● What the exercise asks
Since the pictures are not wanted, retype the listing below exactly and without them.

● Data extracts
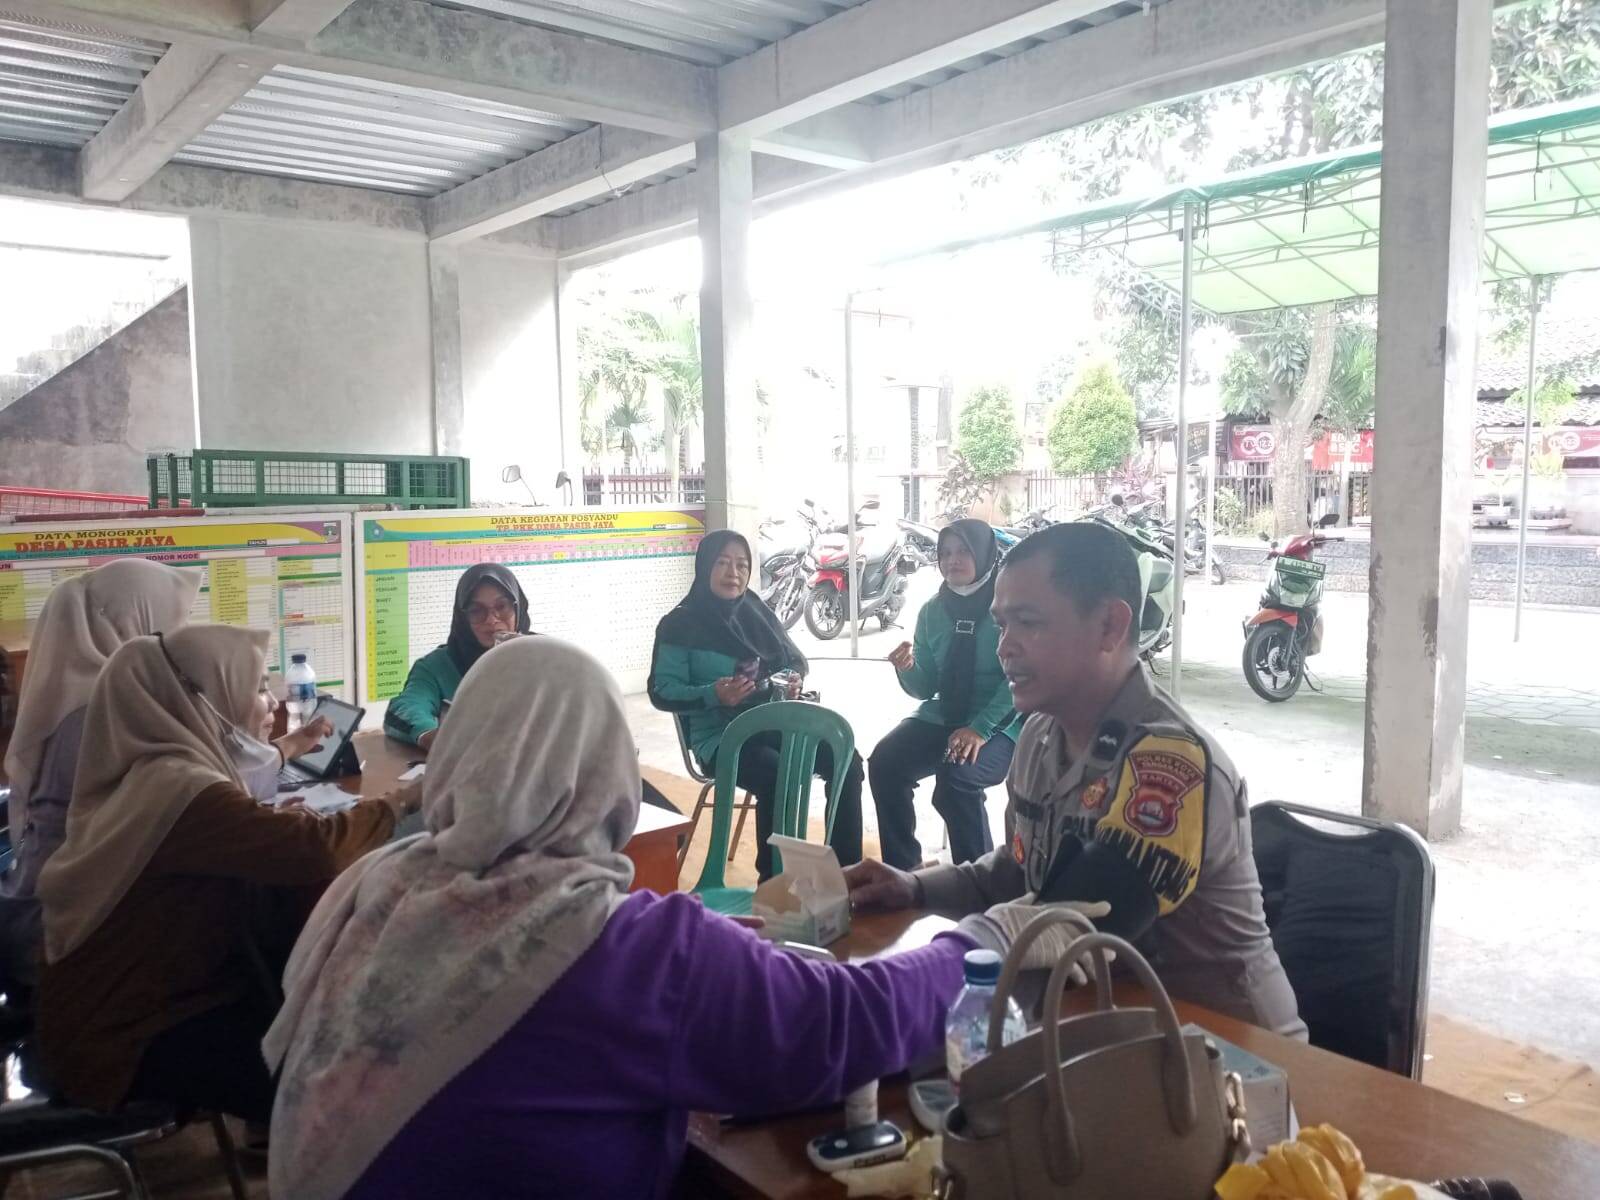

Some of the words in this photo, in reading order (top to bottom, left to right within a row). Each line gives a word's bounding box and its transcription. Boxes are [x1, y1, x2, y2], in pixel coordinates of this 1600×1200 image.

[491, 517, 517, 525] DATA
[520, 515, 568, 524] KEGIATAN
[571, 514, 619, 522] POSYANDU
[35, 532, 72, 540] DATA
[76, 529, 157, 539] MONOGRAFI
[15, 540, 67, 553] DESA
[72, 538, 129, 550] PASIR
[133, 536, 176, 547] JAYA

● Answer below
Some of the words in this photo, in reading order (top to bottom, left to right within a row). Each line gives a word's bounding box and its transcription. Boxes are [x1, y1, x2, y2], in pixel coordinates of this 1600×1200 image.

[491, 517, 517, 525] DATA
[520, 515, 568, 524] KEGIATAN
[571, 514, 619, 522] POSYANDU
[35, 532, 72, 540] DATA
[76, 529, 157, 539] MONOGRAFI
[15, 540, 67, 553] DESA
[72, 538, 129, 550] PASIR
[133, 536, 176, 547] JAYA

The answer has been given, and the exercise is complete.